** Opening Recorded information block **

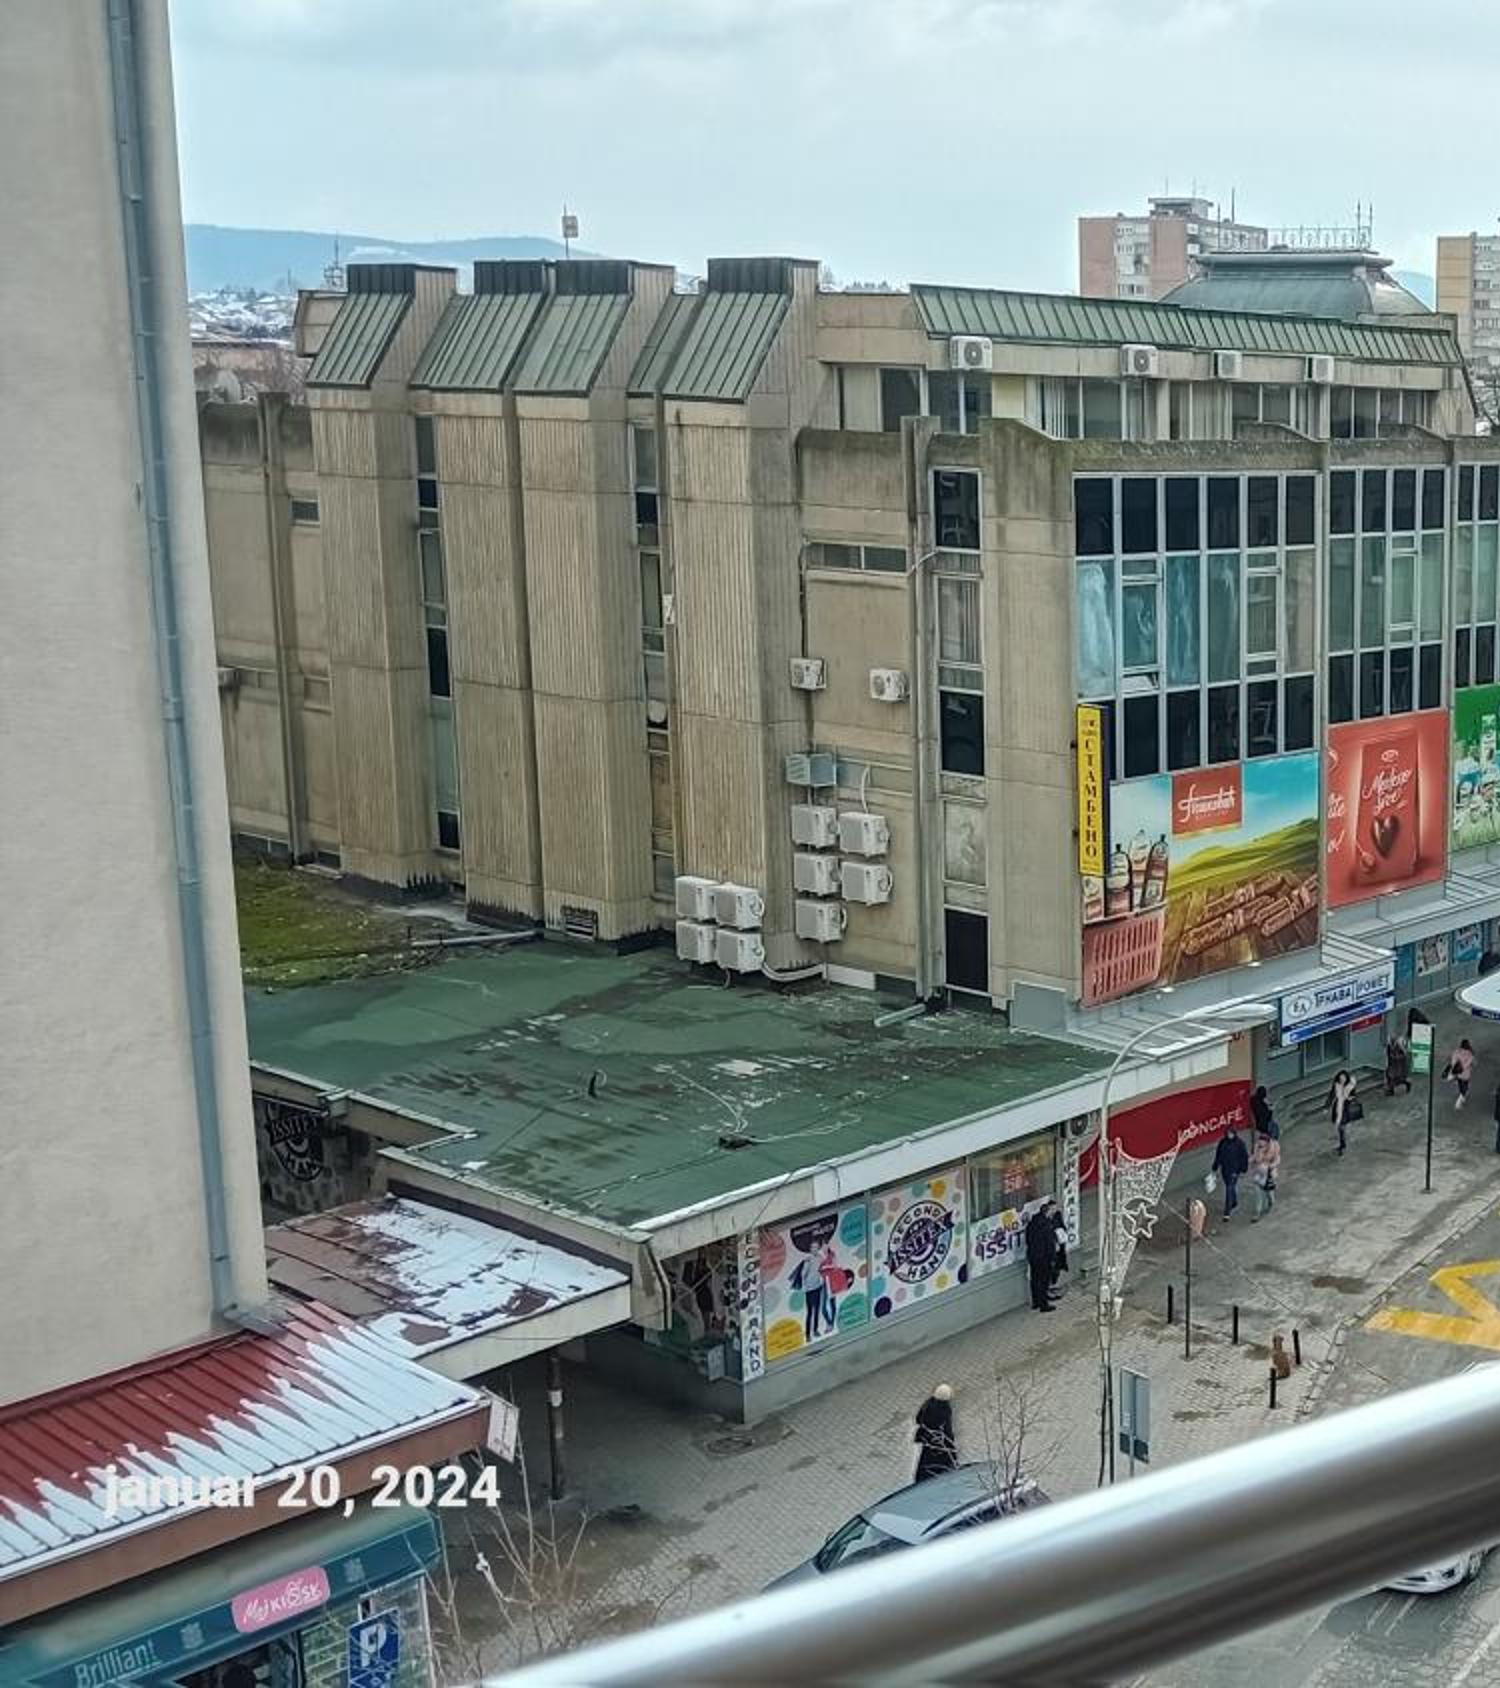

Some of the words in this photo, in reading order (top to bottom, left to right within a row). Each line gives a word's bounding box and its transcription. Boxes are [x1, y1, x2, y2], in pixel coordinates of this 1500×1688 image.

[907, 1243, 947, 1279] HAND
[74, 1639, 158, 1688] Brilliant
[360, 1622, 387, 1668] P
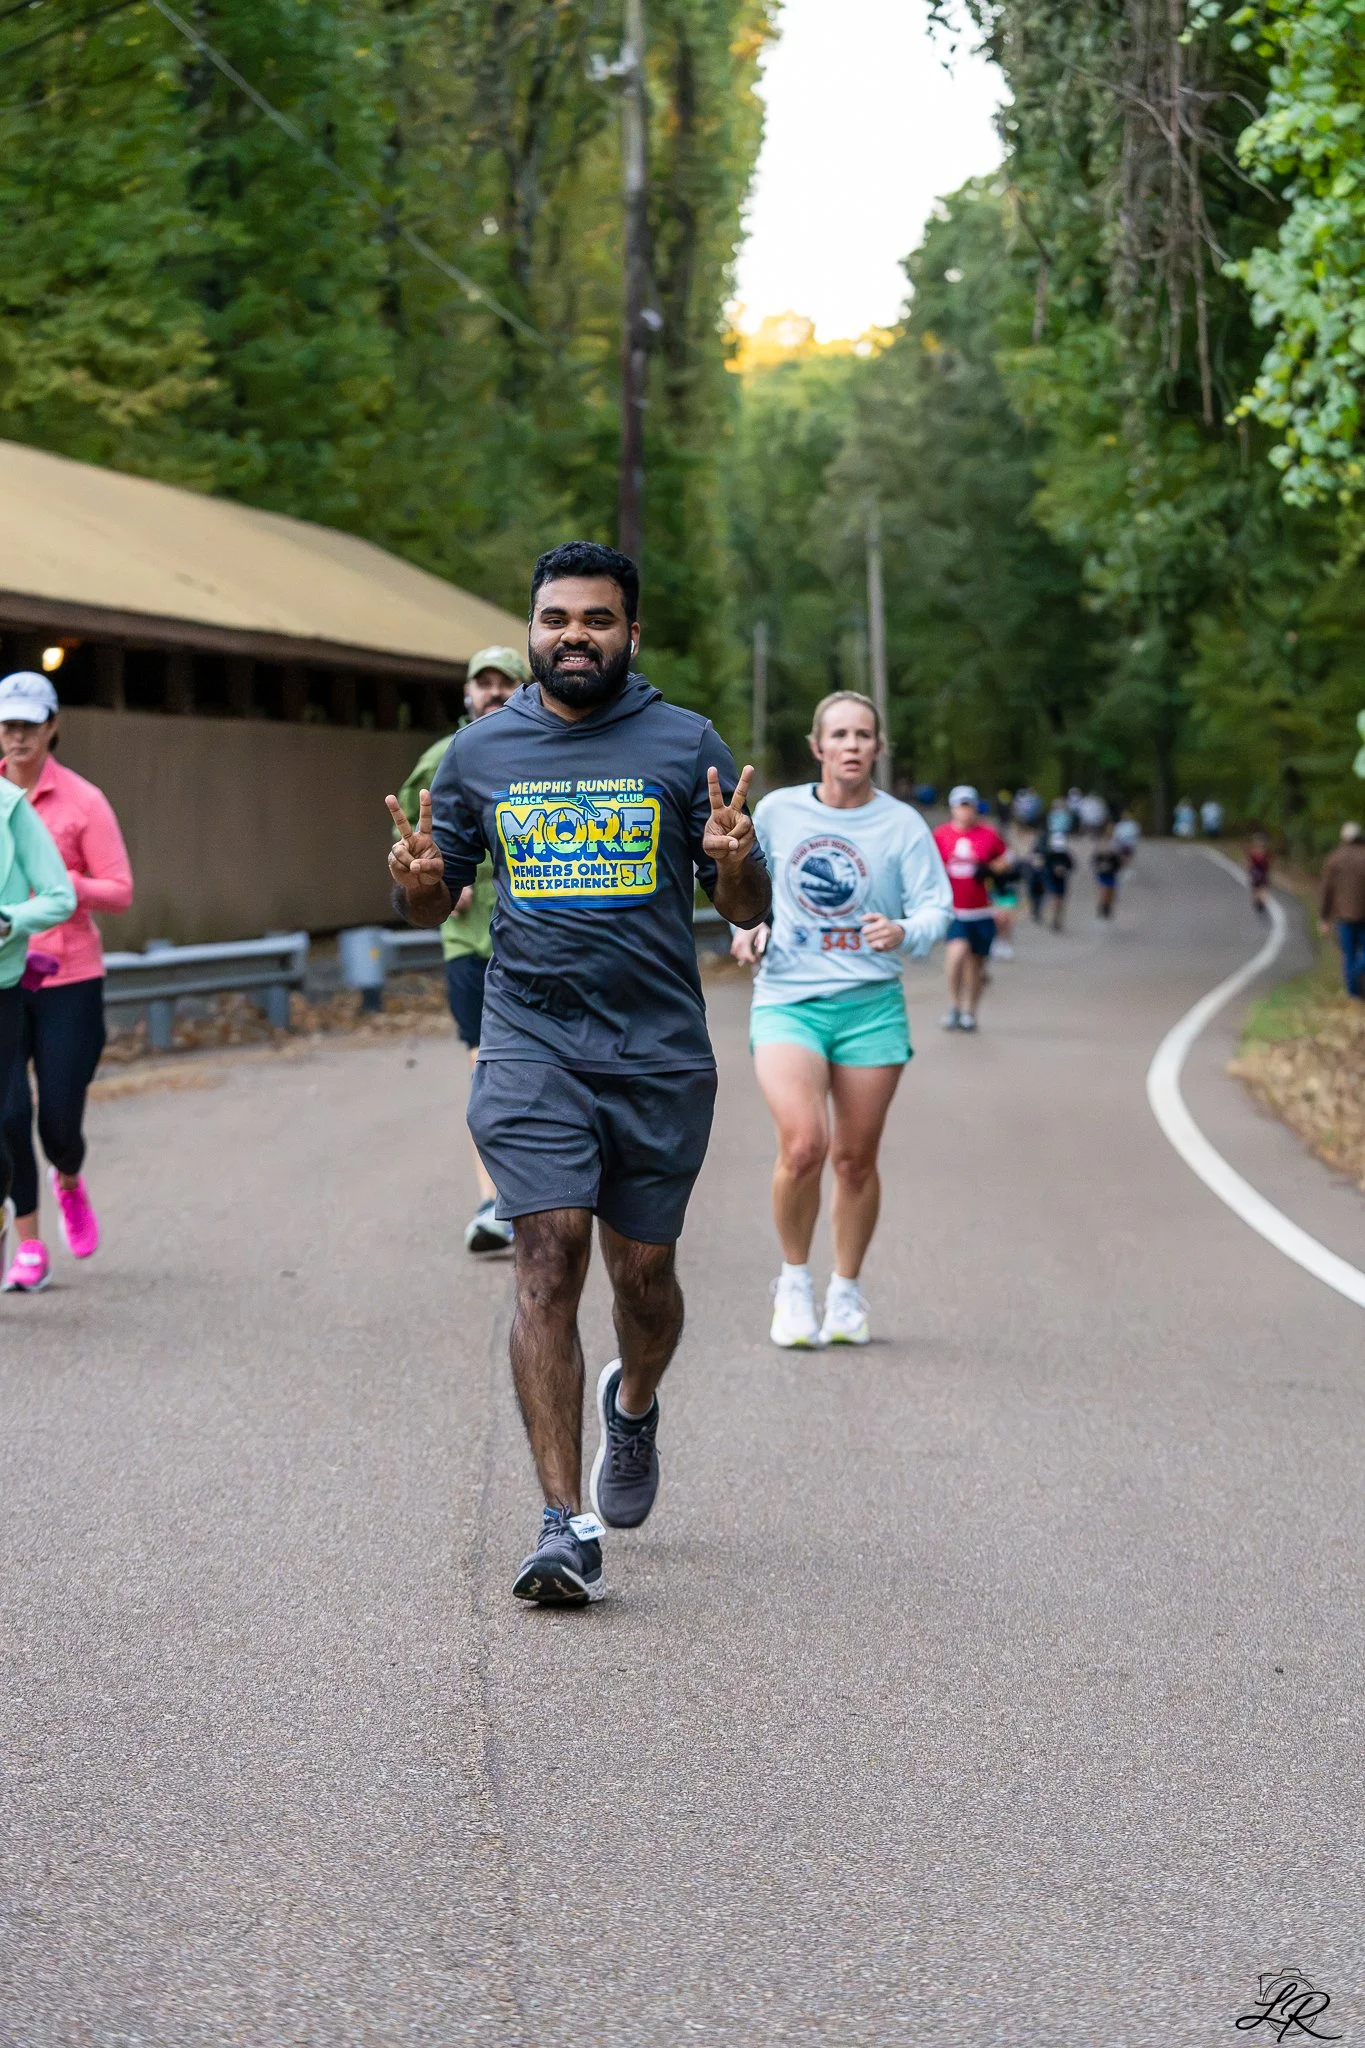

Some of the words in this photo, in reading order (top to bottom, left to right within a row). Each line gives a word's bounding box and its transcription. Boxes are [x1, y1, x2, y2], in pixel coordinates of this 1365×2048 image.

** Closing Recorded information block **

**Assignment**. Copy every record verbatim while leaving each picture out.

**Response area**.
Some of the words in this photo, in reading order (top to bottom, left to right within a row). Each line gives a word's bounding box and its transcription. Boxes are [x1, y1, x2, y2], in pixel coordinates of this 1500×1688 image.

[907, 1243, 947, 1279] HAND
[74, 1639, 158, 1688] Brilliant
[360, 1622, 387, 1668] P

Some of the words in this photo, in reading order (top to bottom, left to right within a row). Each line gives a word's bounding box and its transcription. Boxes are [x1, y1, x2, y2], in pixel coordinates of this 1365×2048 image.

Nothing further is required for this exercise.